Narcis Ghisovan et al. BMC Neurosci. .

Abstract

Background: Visual neurons respond essentially to luminance variations occurring within their receptive fields. In primary visual cortex, each neuron is a filter for stimulus features such as orientation, motion direction and velocity, with the appropriate combination of features eliciting maximal firing rate. Temporal correlation of spike trains was proposed as a potential code for linking the neuronal responses evoked by various features of a same object. In the present study, synchrony strength was measured between cells following an adaptation protocol (prolonged exposure to a non-preferred stimulus) which induce plasticity of neurons' orientation preference.

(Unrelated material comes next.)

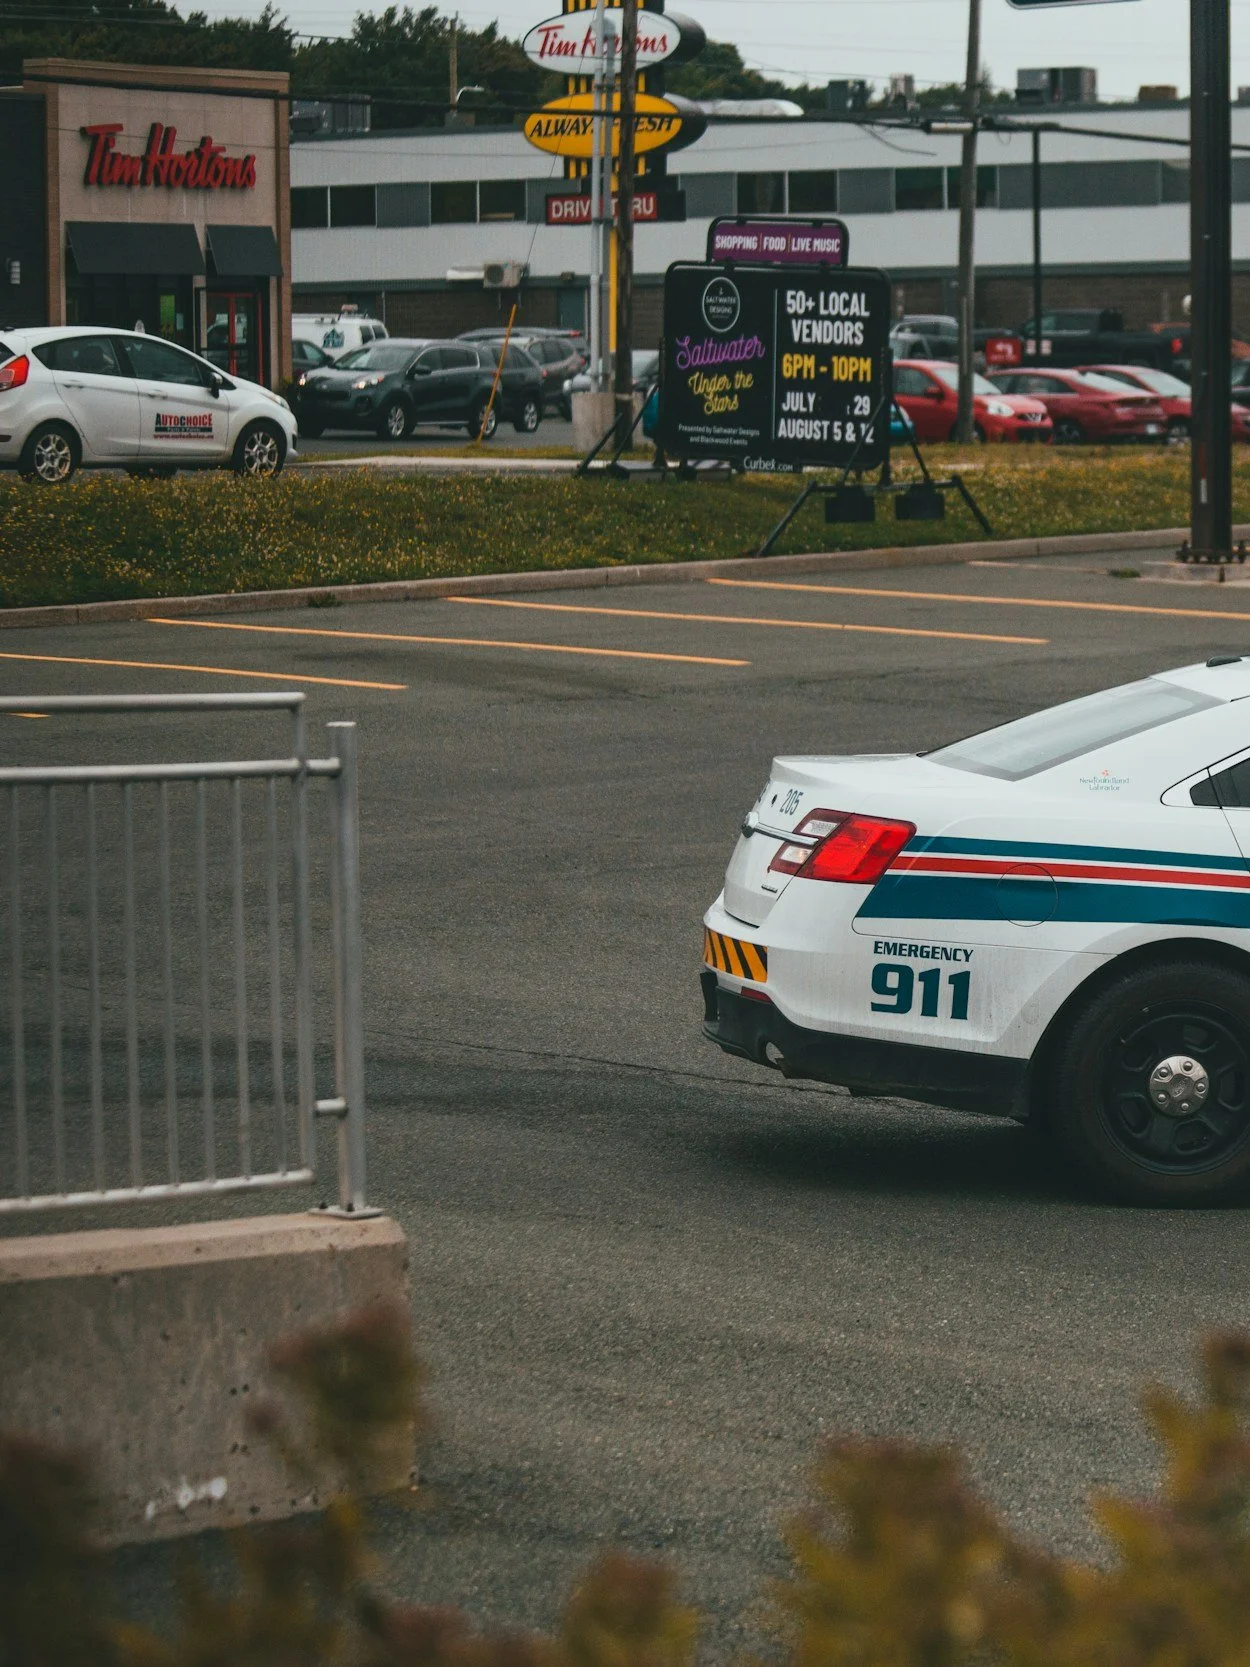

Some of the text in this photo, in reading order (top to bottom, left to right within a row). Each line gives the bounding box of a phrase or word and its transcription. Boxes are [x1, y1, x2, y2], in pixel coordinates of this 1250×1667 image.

Results: Multi-unit activity from area 17 of anesthetized adult cats was recorded. Single cells were sorted out and (1) orientation tuning curves were measured before and following 12 min adaptation and 60 min after adaptation (2) pairwise synchrony was measured by an index that was normalized in relation to the cells' firing rate. We first observed that the prolonged presentation of a non-preferred stimulus produces attractive (58%) and repulsive (42%) shifts of cell's tuning curves. It follows that the adaptation-induced plasticity leads to changes in preferred orientation difference, i.e. increase or decrease in tuning properties between neurons. We report here that, after adaptation, the neuron pairs that shared closer tuning properties display a significant increase of synchronization. Recovery from adaptation was accompanied by a return to the initial synchrony level.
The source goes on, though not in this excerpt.